Petitioner Director of Public Safety for respondent Town was charged with accessing inappropriate material on an office computer. The hearing officer upheld the charges based on evidence that he accessed pornography on the Internet through his office computer on several dates over a 17-month period and imposed a penalty of termination.
The Appellate Division majority concluded that the penalty of termination was so disproportionate to the offense as to be shocking to one's sense of fairness.
Matter of Waldren v. Town of Islip, 18 AD3d 566, reversed.
Bond, Schoeneck King, PLLC, Garden City ( Ernest R. Stolzer of counsel), for appellant.
Rosenthal Curry Kranz, LLP, East Meadow ( Allen M. Kranz of counsel), for respondent.
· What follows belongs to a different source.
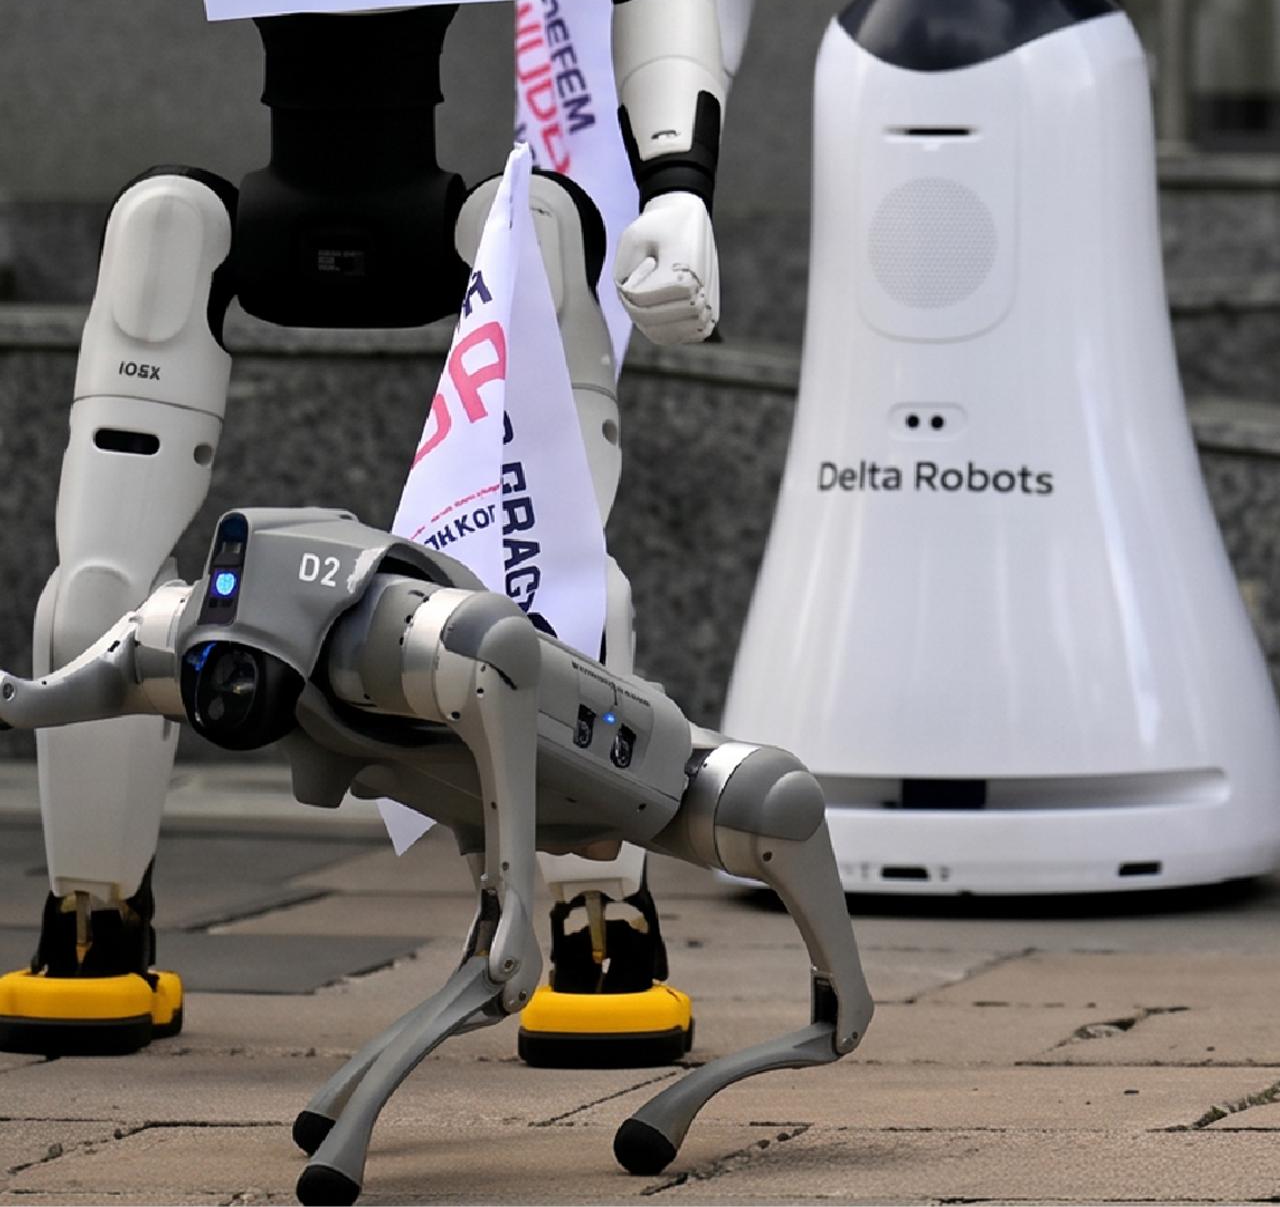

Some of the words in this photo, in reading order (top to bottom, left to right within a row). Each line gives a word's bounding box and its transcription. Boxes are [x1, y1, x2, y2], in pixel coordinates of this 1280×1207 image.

[818, 459, 903, 492] Delta
[914, 460, 1055, 496] Robots
[299, 552, 340, 588] D2
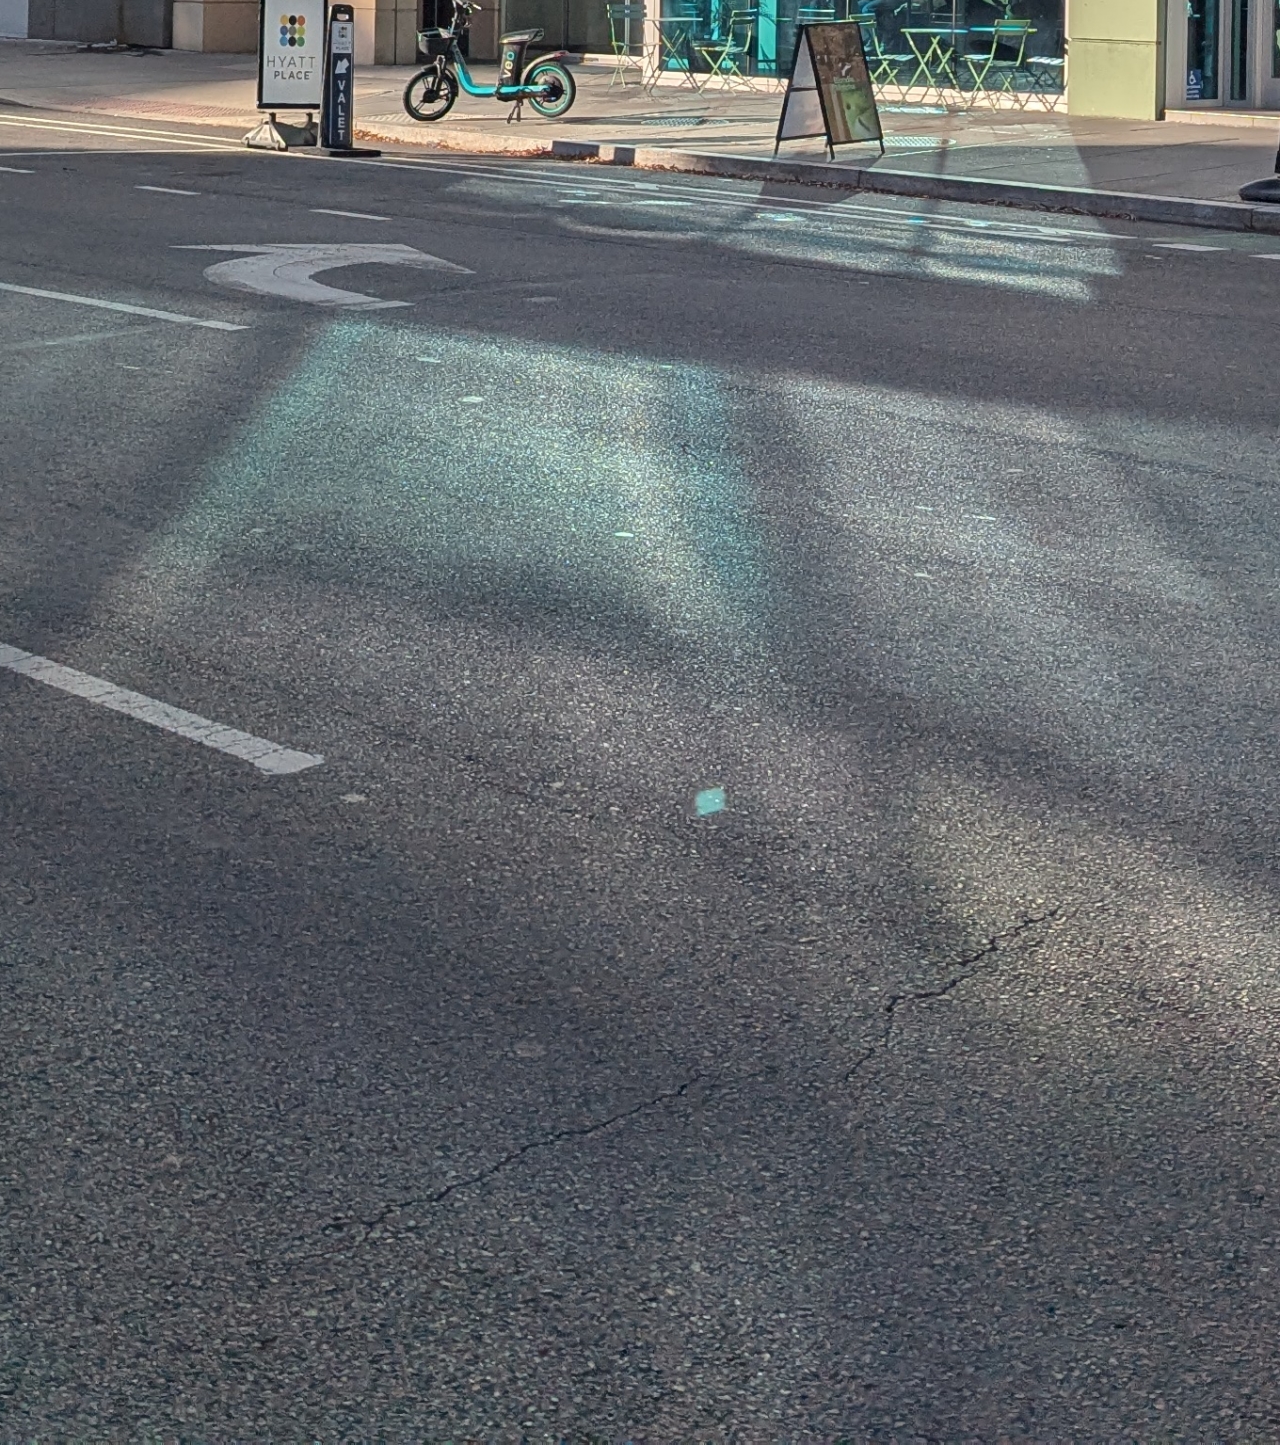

Chief Judge KAYE and Judges G.B. SMITH, CIPARICK, ROSENBLATT, GRAFFEO, READ and R.S. SMITH concur.
OPINION OF THE COURT
MEMORANDUM.
The order of the Appellate Division should be reversed, with costs, to the extent that it annulled so much of the Town's determination as imposed a penalty and remitted for imposition of a less severe penalty, and the petition dismissed.
An administrative penalty must be upheld unless it "is so disproportionate to the offense as to be shocking to one's sense of fairness," thus constituting an abuse of discretion as a matter of law ( Matter of Pell v. Board of Educ. of Union Free School Dist. No. 1 of Towns of Scarsdale Mamaroneck, Westchester County, 34 NY2d 222, 237). Under the circumstances of this case, it cannot be concluded that the penalty of termination imposed by the Commissioner shocks the judicial conscience. Petitioner's remaining contentions lack merit.
On review of submissions pursuant to section 500.11 of the Rules of the Court of Appeals ( 22 NYCRR 500.11), order, insofar as appealed from, reversed, with costs, and petition dismissed, in a memorandum.